Pentraxin 3 in unstable angina and non-ST-segment elevation myocardial infarction.

Purpose: We prospectively investigated the prognostic value of pentraxin 3 (PTX3) in patients with unstable angina and non-ST-segment elevation myocardial infarction (UA/NSTEMI).

Background: PTX3 may be a useful marker for localized vascular inflammation and damage to the cardiovascular system.
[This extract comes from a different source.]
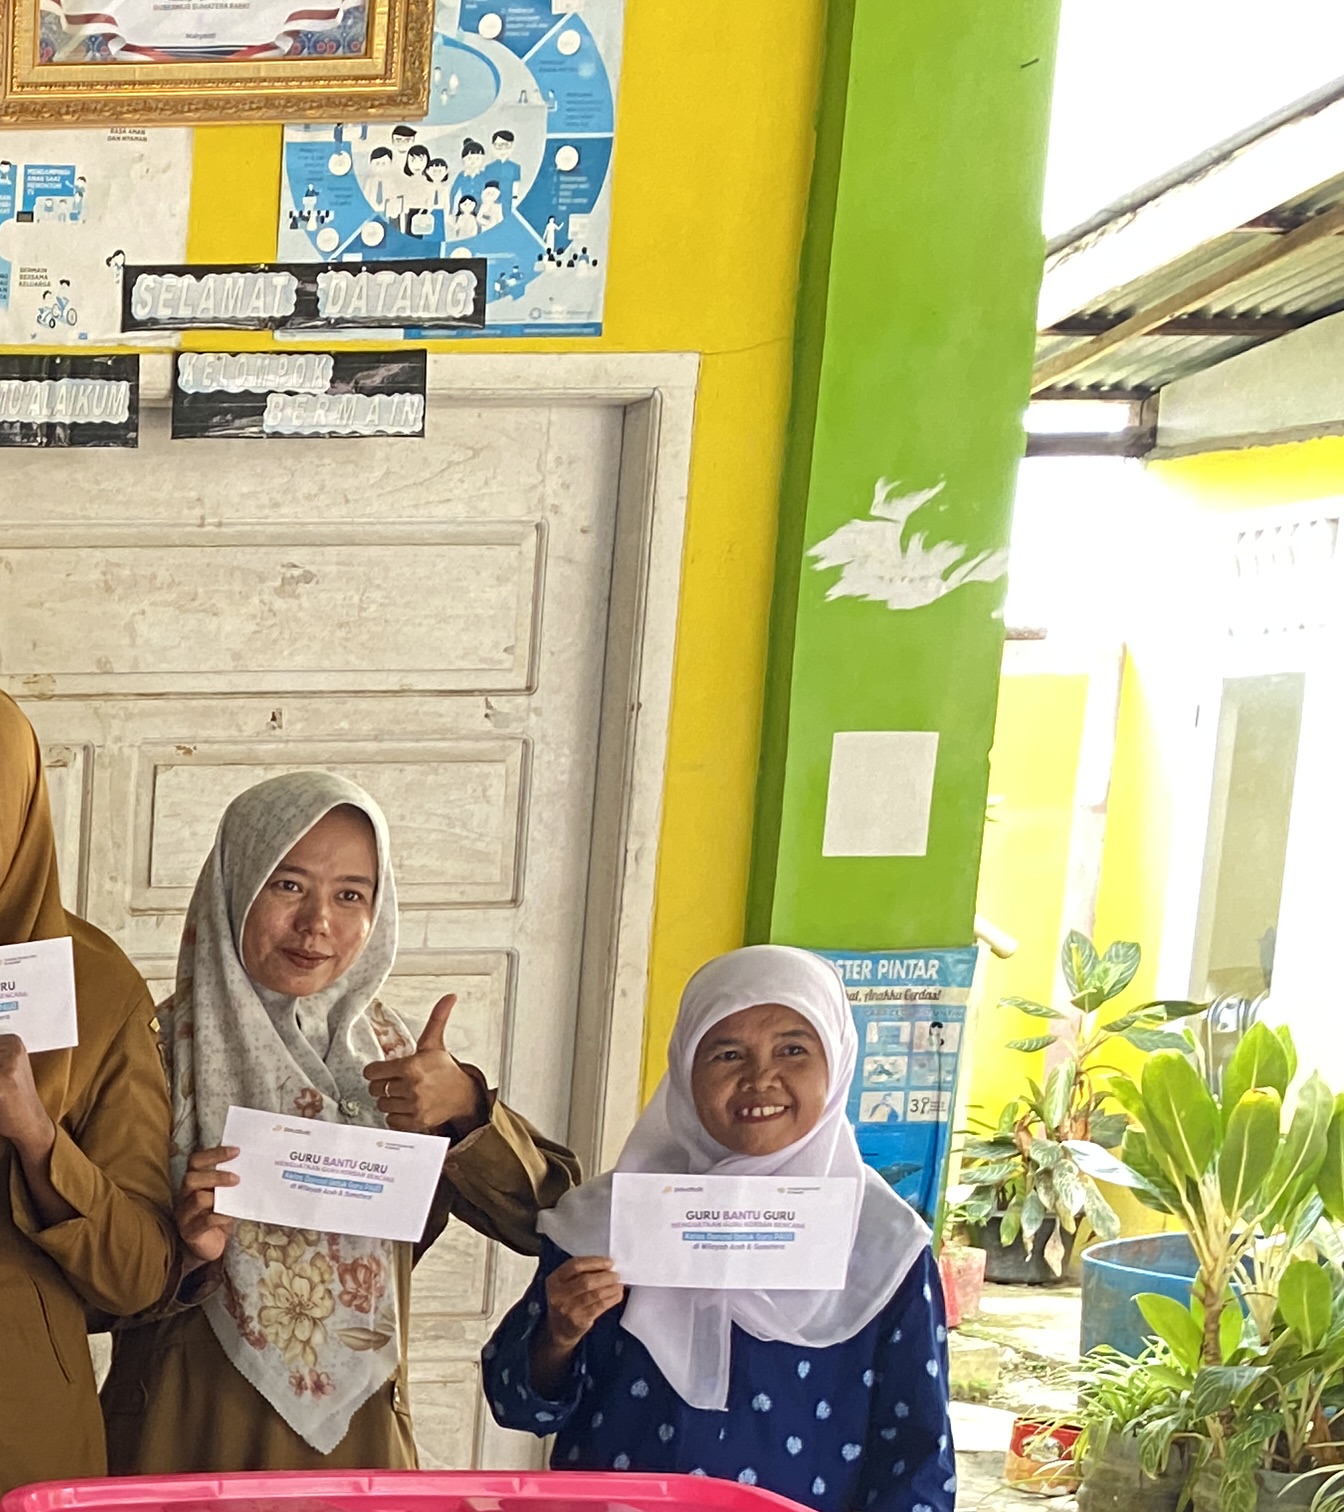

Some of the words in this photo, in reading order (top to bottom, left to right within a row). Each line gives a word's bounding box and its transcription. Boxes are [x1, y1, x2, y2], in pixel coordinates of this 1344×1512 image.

Recent studies have shown that plasma PTX3 is elevated in patients with UA/NSTEMI; however, its prognostic value in UA/NSTEMI remains unclear.
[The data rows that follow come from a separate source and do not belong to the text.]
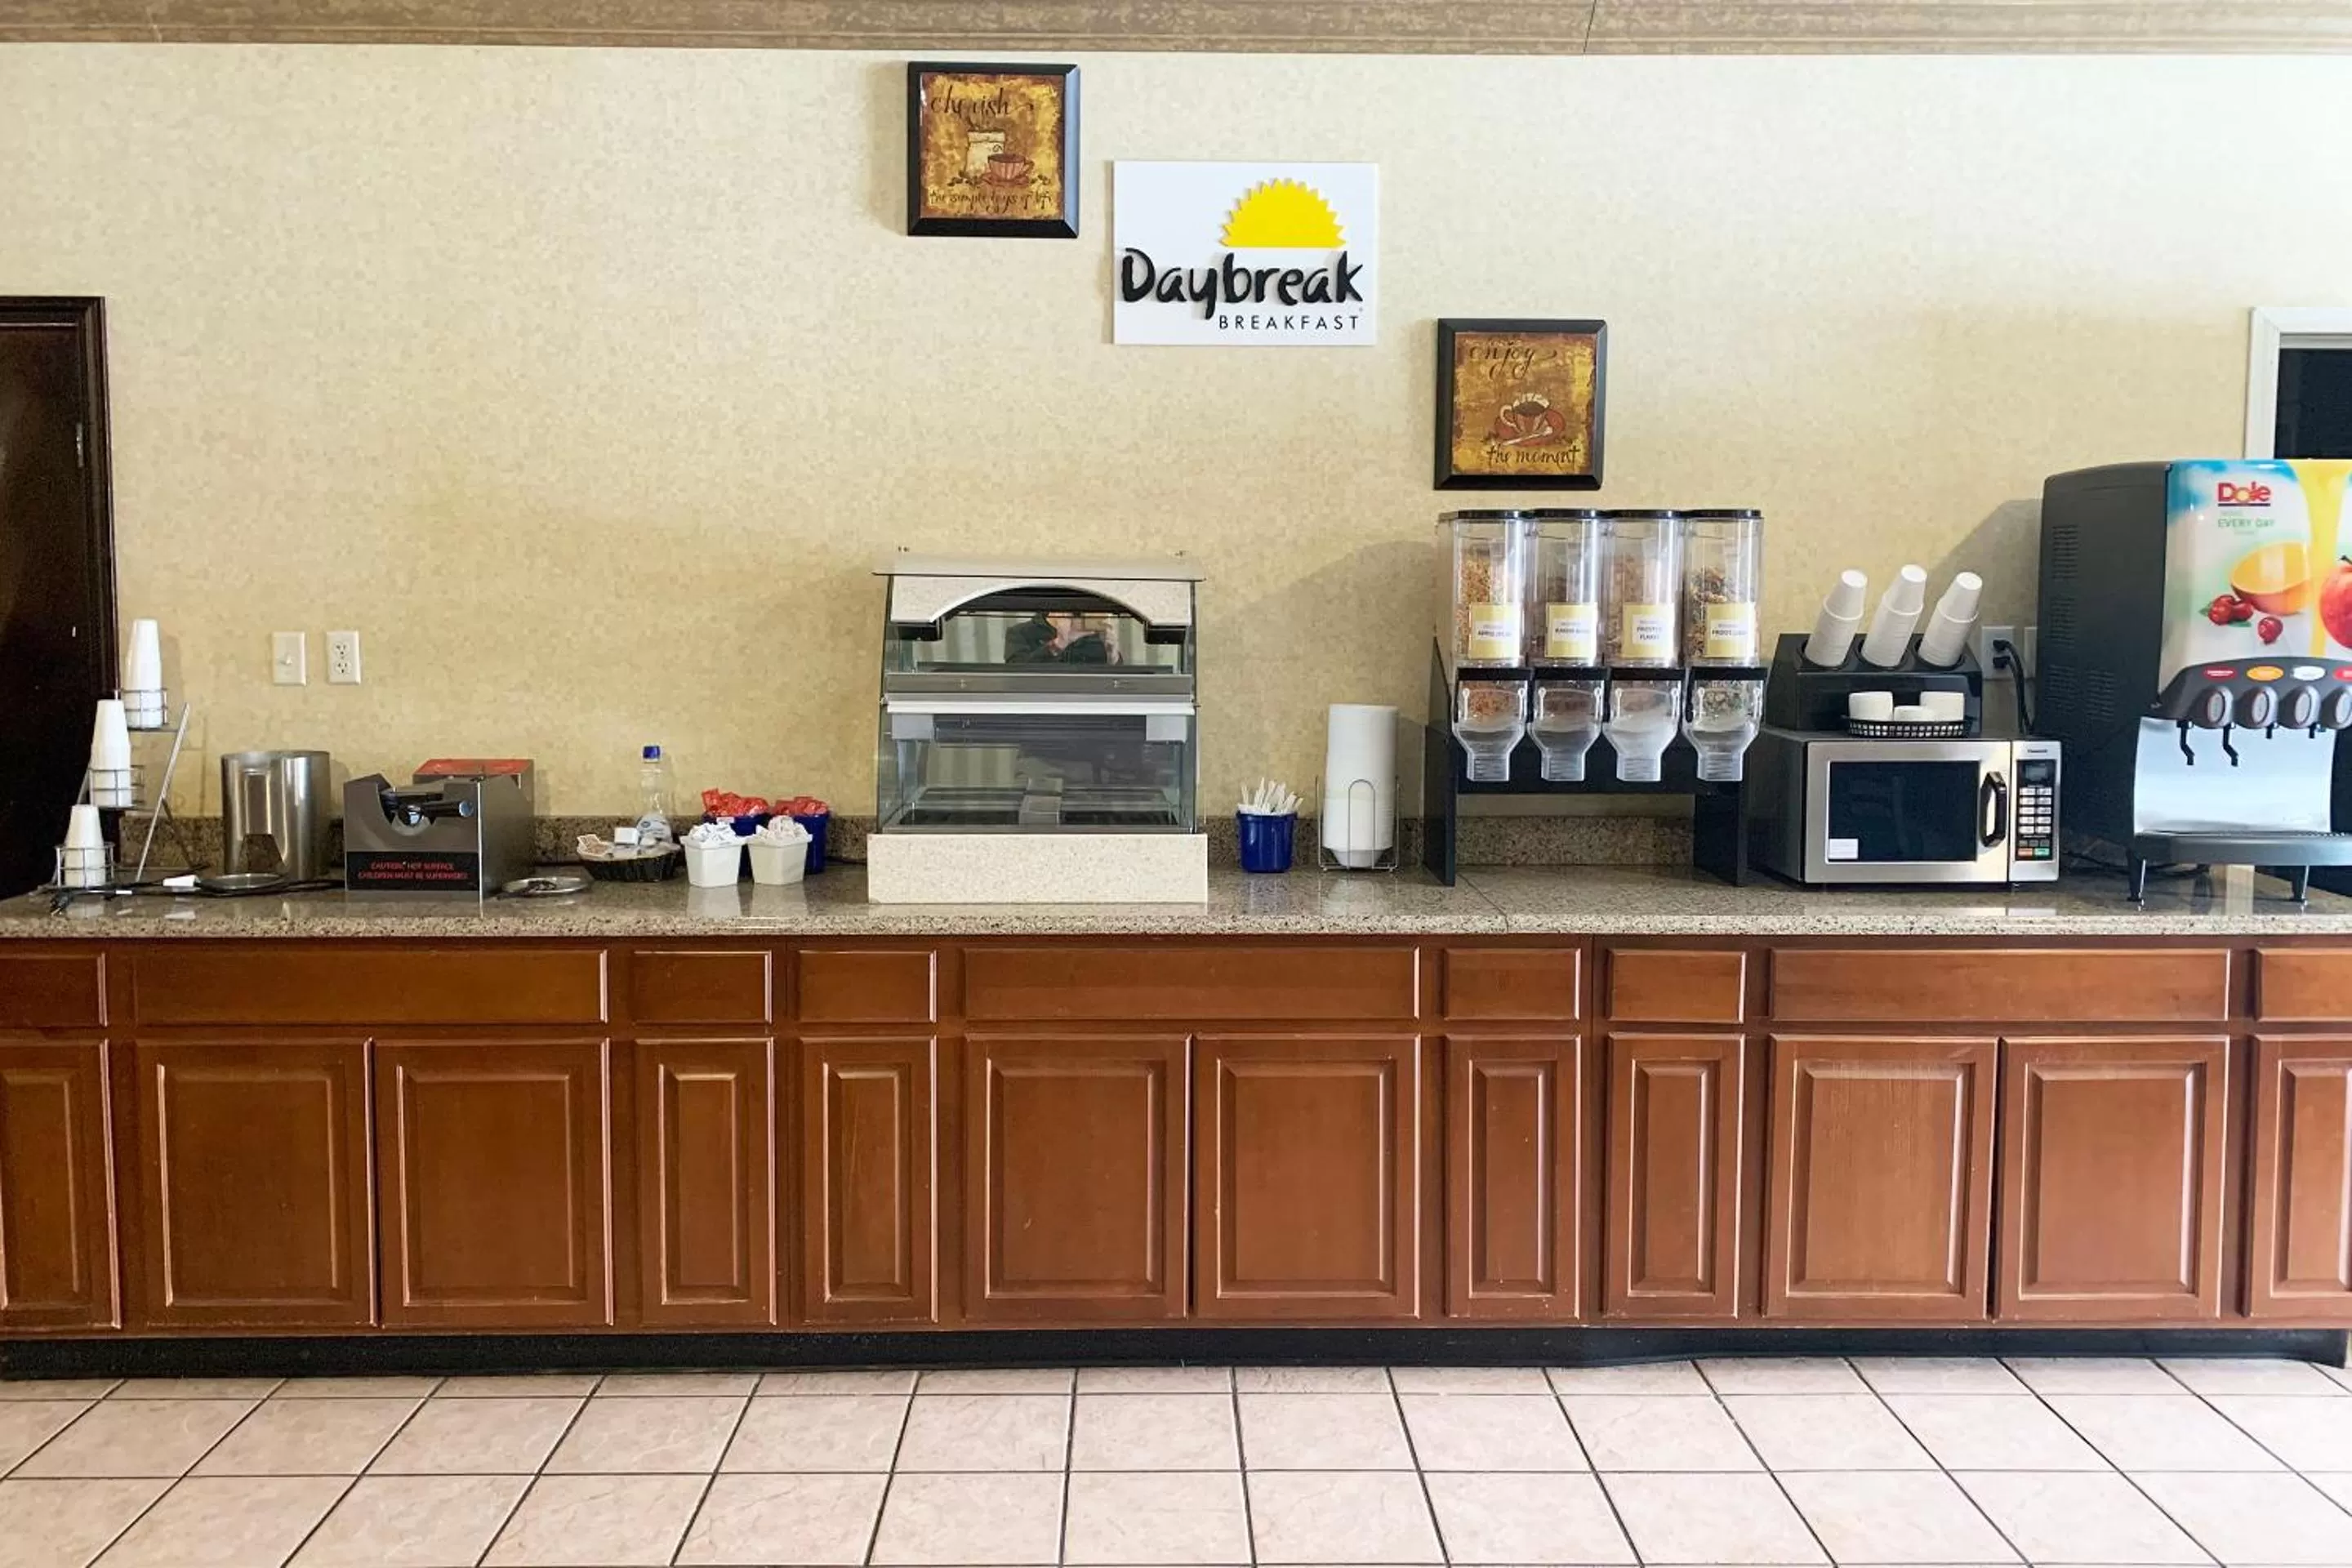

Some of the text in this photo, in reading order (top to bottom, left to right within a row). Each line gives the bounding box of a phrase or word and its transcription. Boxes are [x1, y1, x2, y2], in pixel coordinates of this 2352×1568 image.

[930, 84, 1021, 116] cherish
[1121, 247, 1363, 319] Daybreak
[1219, 315, 1359, 330] BREAKFAST
[1469, 341, 1539, 380] enjoy
[1486, 445, 1580, 468] the moment
[2217, 480, 2271, 503] Dole
Methods: PTX3, high-sensitivity C-reactive protein (hsCRP), N-terminal pro-B-type natriuretic peptide (NT-proBNP), and cardiac troponin I were measured on admission in 204 consecutive patients (mean age of 69 years; 144 males) hospitalized for UA/NSTEMI within 24h (mean of 7.5h) after the onset of chest symptoms. A cardiac event, which was defined as cardiac death, rehospitalization for acute coronary syndrome (ACS), or rehospitalization for worsening heart failure, was monitored for 6 months after admission.

Results: A total of 26 (13%) cardiac events occurred during the 6-month follow-up period. In a stepwise Cox regression analysis including 18 well-known clinical and biochemical predictors of ACS outcome, both PTX3 (relative risk 3.86 per 10-fold increment, P=0.01) and NT-proBNP (relative risk 2.16 per 10-fold increment, P=0.02), but not hsCRP, were independently associated with the 6-month cardiac event. The cardiac event rate was higher in patients with increased PTX3 (> or = 3.1ng/mL of median value) than those without (20% vs. 5.8%, P=0.003). A Kaplan-Meier analysis revealed that patients with increased PTX3 had a higher risk for cardiac events than those without (P=0.002).

Conclusion: PTX3 and NT-proBNP may be potent and independent predictors for 6-month cardiac events in patients hospitalized for UA/NSTEMI within 24h after the onset. Measurement of plasma PTX3 may substantially improve the early risk stratification of patients with UA/NSTEMI.